Czy Xavi miał czas na wprowadzenie jakichś rewolucyjnych pomysłów, na odmienienie swojego nowego zespołu od góry do dołu w zaledwie dwa tygodnie? Nie miał, to dopiero przedbiegi zaczynającego się procesu szukania nowej tożsamości dla Barcelony. Czy mimo to wszyscy oczekiwali od niego w miarę spokojnej derbowej wygranej nad Espanyolem? Tak, miał być ogień. Jak więc było? Jak przebiegał debiut Xaviego na ławce trenerskiej Dumy Katalonii? Barca okrutnie się męczyła, miała trochę szczęścia, ale koniec końców zdobyła trzy punkty. Pierwsze koty za płoty, tak to chyba najlepiej ująć.

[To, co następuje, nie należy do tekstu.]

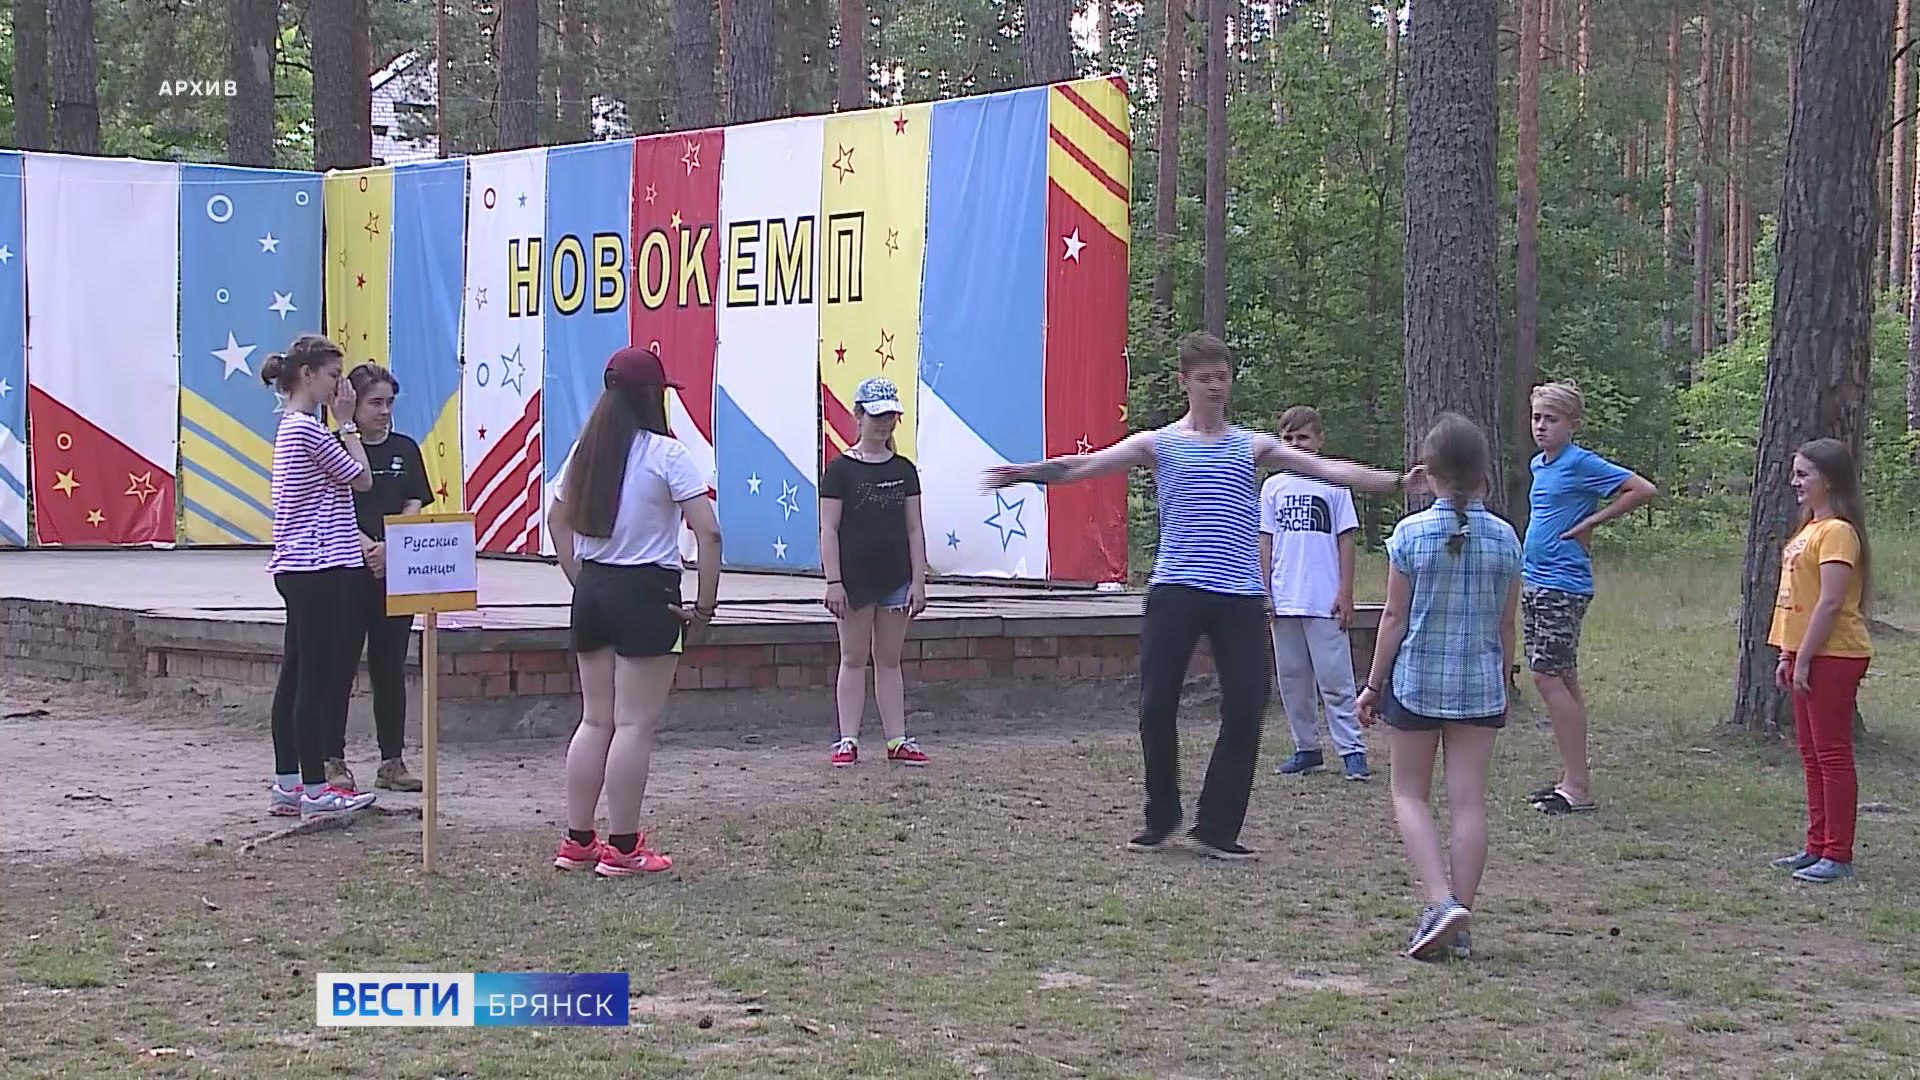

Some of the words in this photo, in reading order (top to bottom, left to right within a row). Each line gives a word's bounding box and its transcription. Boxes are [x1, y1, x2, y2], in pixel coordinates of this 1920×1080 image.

[508, 211, 865, 319] НОВОКЕМП
[1284, 494, 1310, 506] THE
[1275, 507, 1310, 522] ORTH
[403, 536, 459, 552] Русские
[408, 563, 456, 576] танцы
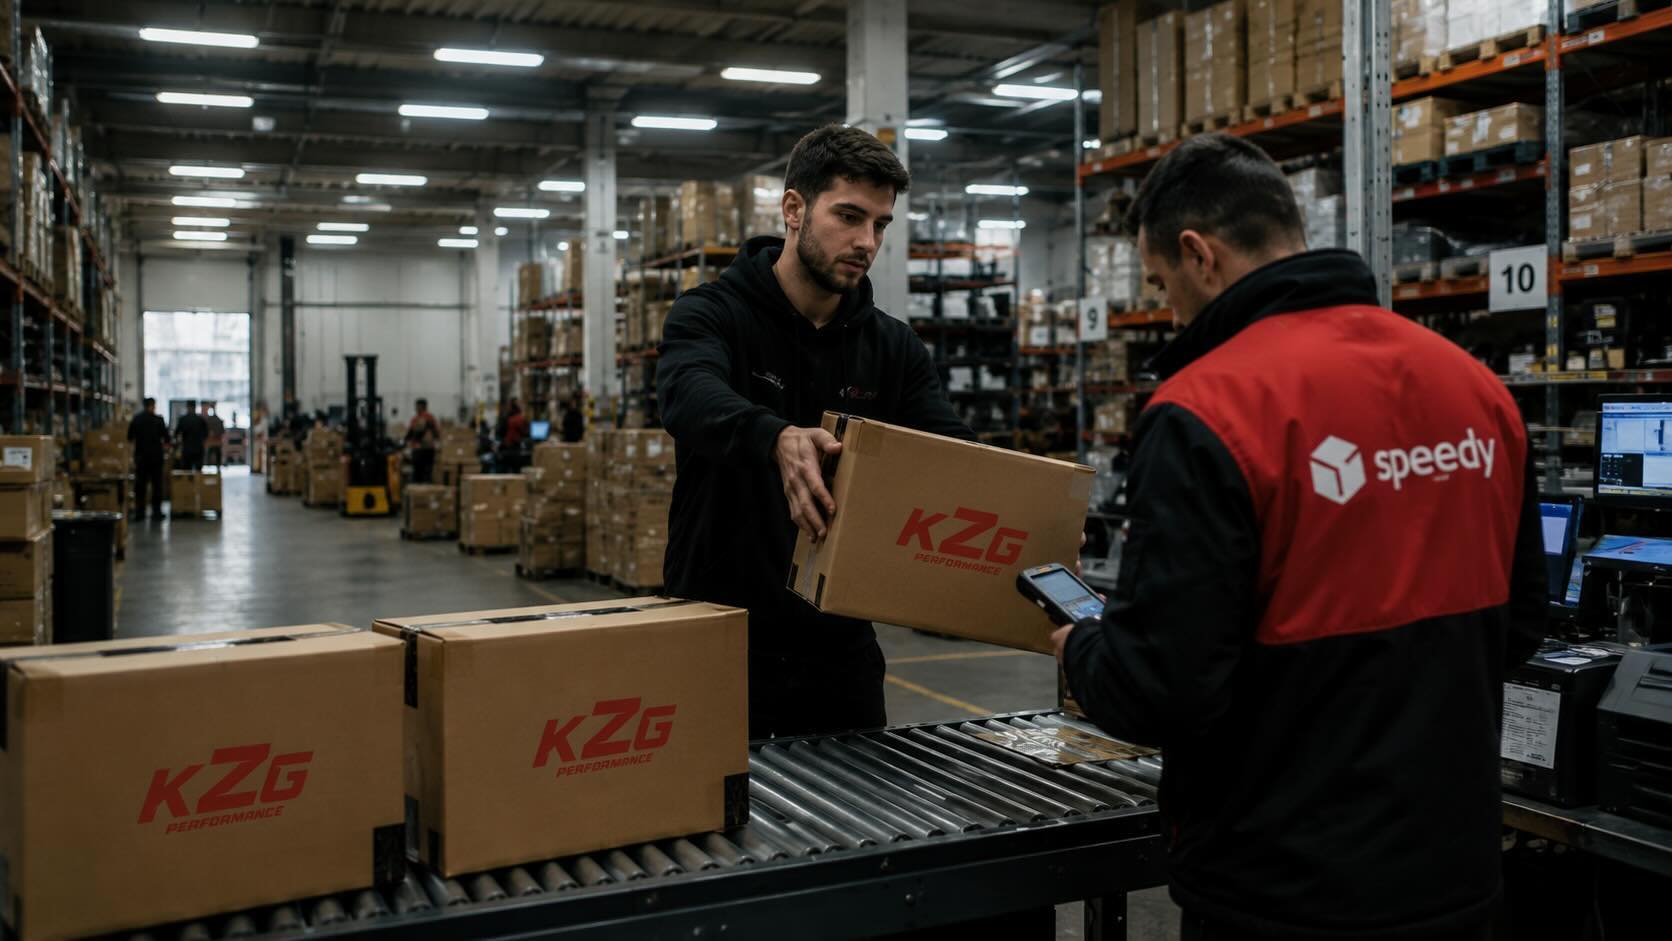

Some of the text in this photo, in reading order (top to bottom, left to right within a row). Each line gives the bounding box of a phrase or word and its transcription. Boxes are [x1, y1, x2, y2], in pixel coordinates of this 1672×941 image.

[1502, 263, 1535, 294] 10
[1088, 307, 1099, 331] 9
[1374, 427, 1495, 491] speedy
[896, 506, 1029, 566] KZG
[914, 553, 1003, 576] PERFORMANCE
[532, 696, 677, 768] KZG
[556, 752, 654, 778] PERFORMANCE
[137, 743, 314, 824] KZG
[165, 805, 285, 834] PERFORMANCE
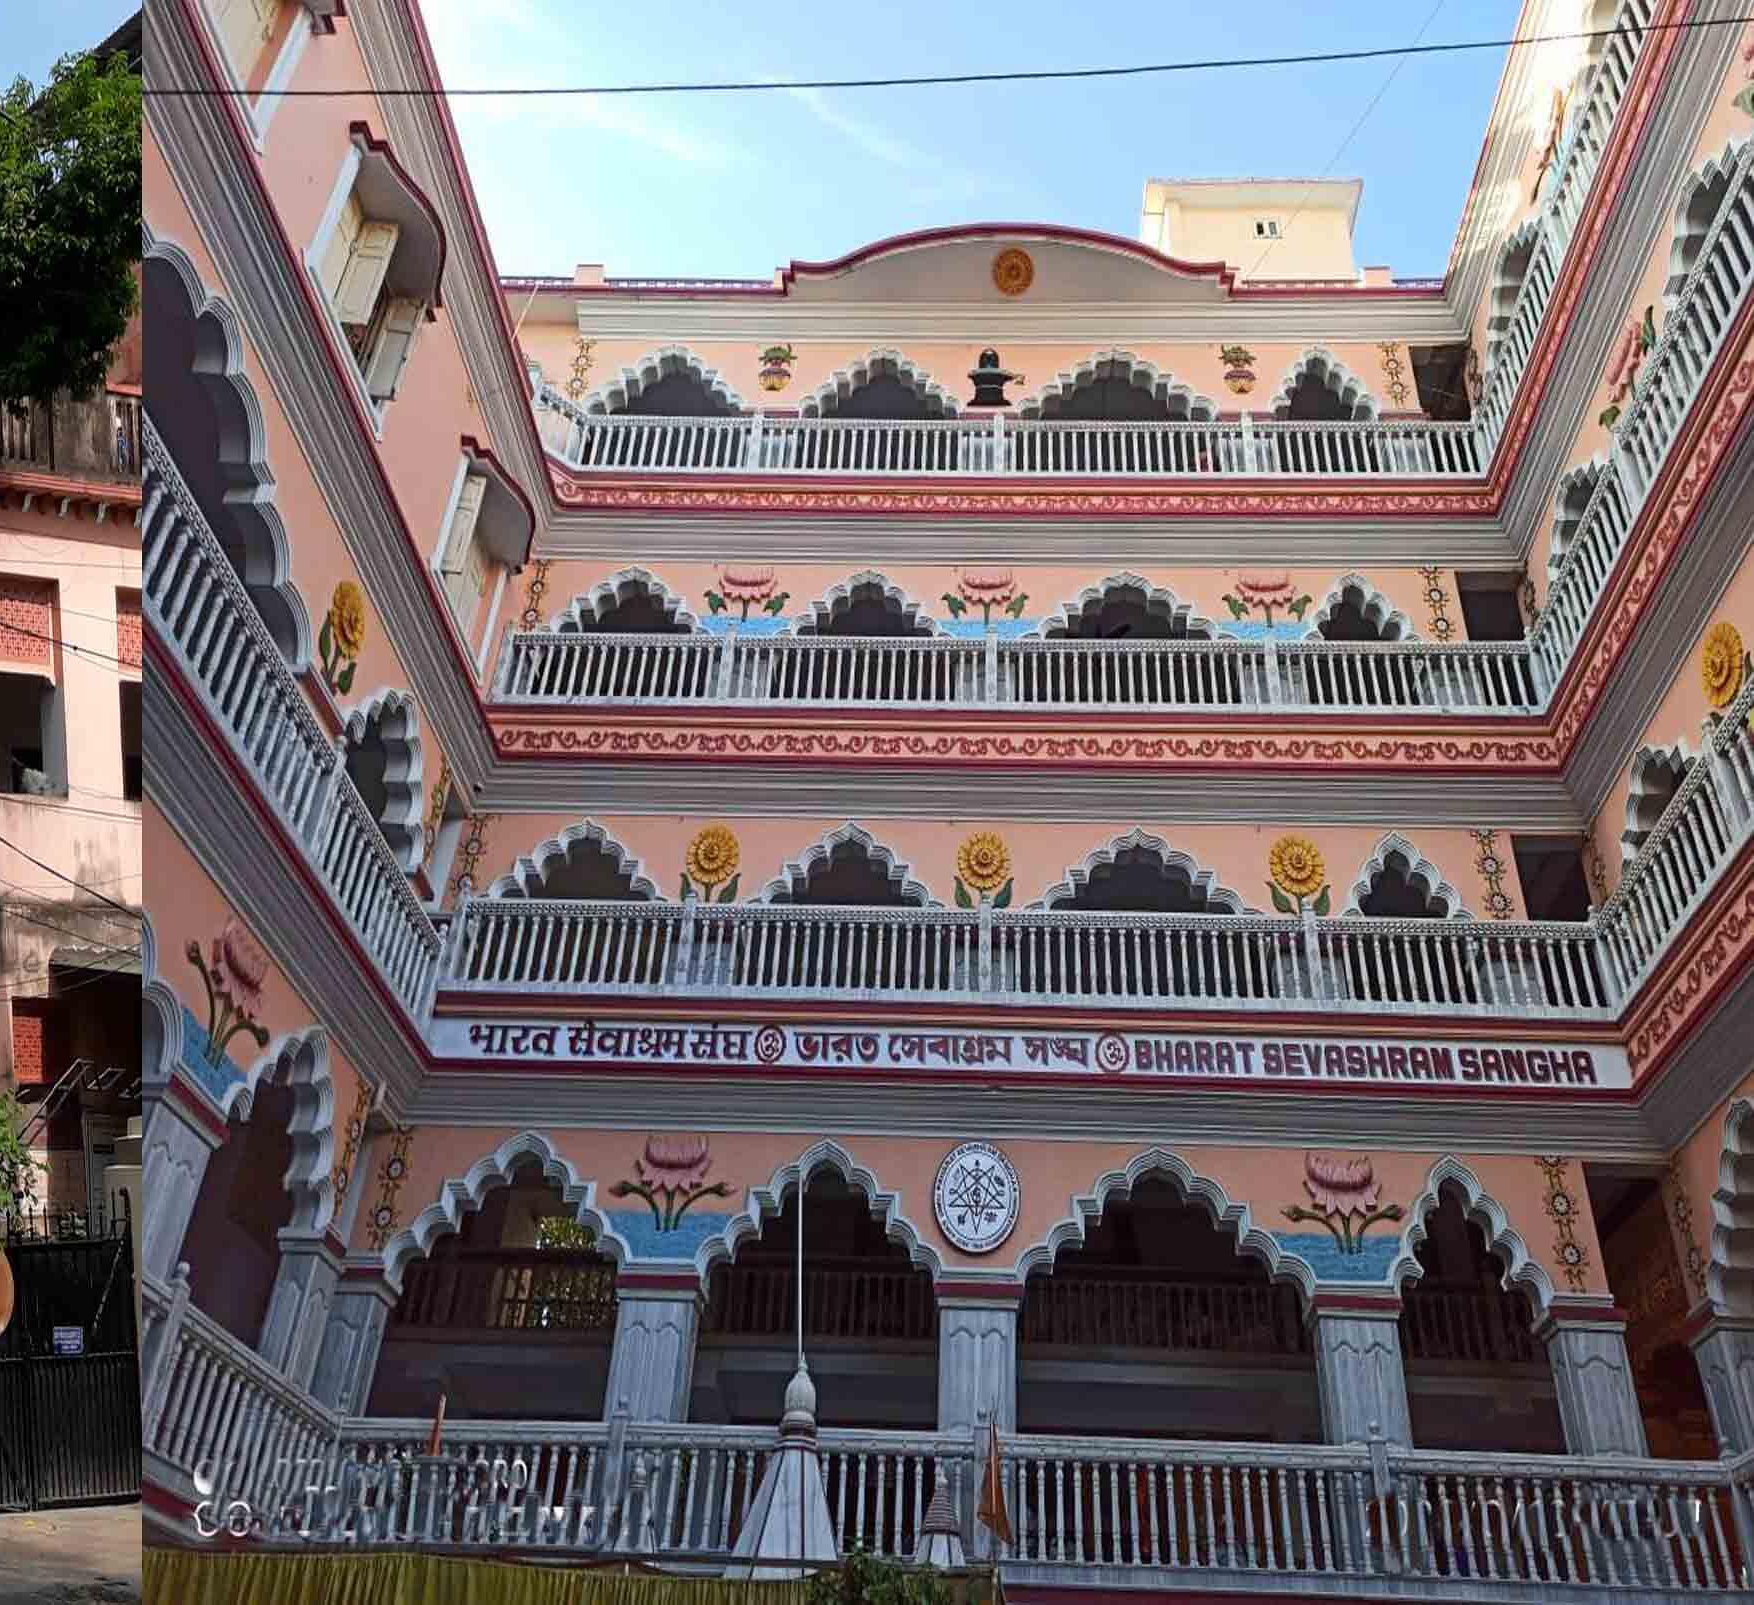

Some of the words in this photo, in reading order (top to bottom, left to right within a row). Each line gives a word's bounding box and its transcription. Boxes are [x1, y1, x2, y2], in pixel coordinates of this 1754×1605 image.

[469, 1025, 560, 1056] भारत
[566, 1018, 686, 1058] सेवाश्रम
[689, 1019, 752, 1059] संघ
[794, 1032, 881, 1063] ভারত
[888, 1033, 1014, 1065] সেবাশ্রম
[1134, 1039, 1255, 1074] BHARAT
[1261, 1043, 1456, 1080] SEVASHRAM
[1458, 1048, 1597, 1084] SANGHA

FC Barcelona-Espanyol Barcelona. Dotyk Xaviego
Xavi próbował wprowadzić parę swoich pomysłów. Barcelona całkiem sprawnie przesuwała się w defensywie, przyzwoicie wyglądała w średnim pressingu, mieliśmy też wrażenie, że środek pola jest bardziej mobilny i ruchliwy niż miało to miejsce za najczarniejszych czasów ery Ronalda Koemana. Szanse dostała też młodzież – 17-letni Ilias Akhomach Chakkour, 19-letni Abde Ezzalzouli, 19-letni Nico czy 18-letni Yusuf Demir. Żaden z nich nie zachwycił. Odkurzony został Riqui Puig, większość podań wykonał w miejscu, widać było, że ostatnie miesiące spędził w szafie. O dziwo, trochę dusił się też Gavi, który brał udział przy akcji, po której sędzia odgwizdał faul na Depayu, ale wydaje nam się, że lepiej czuje się w centrum boiska niż w bocznych strefach. Generalnie jednak Barcelona przeważała przez pierwszą godzinę:
- Diego Lopez obronił strzał z woleja Depaya,
- Nico huknął niecelnie z dystansu,
- Akhomach przestrzelił z sześciu metrów po ładnej akcji,
- Lopez zaplątał się i Nico mógł wyjść z nim sam na sam, ale stracił głowę,
- Gavi strzelił głową wprost w Lopeza,
- Lopez odbił strzał Depaya, ale wcześniej był spalony,
- Lopez obronił próbę Busquetsa z dwudziestu metrów,
- Gavi spudłował z dystansu.
Nie były to jakieś setki, ale trochę się działo. Za to, skoro już i tak całą narrację budujemy wokół Xaviego, o jednej osobie można powiedzieć, że komfortowo czuła się w pomyśle taktycznym nowego sternika Barcy i zarazem swojego byłego wieloletniego kompana ze środka pola – o Sergio Busquetsie. Piłkarze Espanyolu, co nas trochę zdziwiło, zostawiali mu dużo miejsca, a on skrzętnie z tego korzystał – długie mierzone piłeczki, prostopadłe podania, kontrola, przejęcia, odbiory, czytanie ruchów na pięć kroków do przodu. To był stary dobry Busquets, który, zresztą, napędził akcję zakończoną gwizdkiem przy kontakcie nóg Leandro Cabrery z nogami Depaya, jedenastką i pewnym wykończeniem Holendra.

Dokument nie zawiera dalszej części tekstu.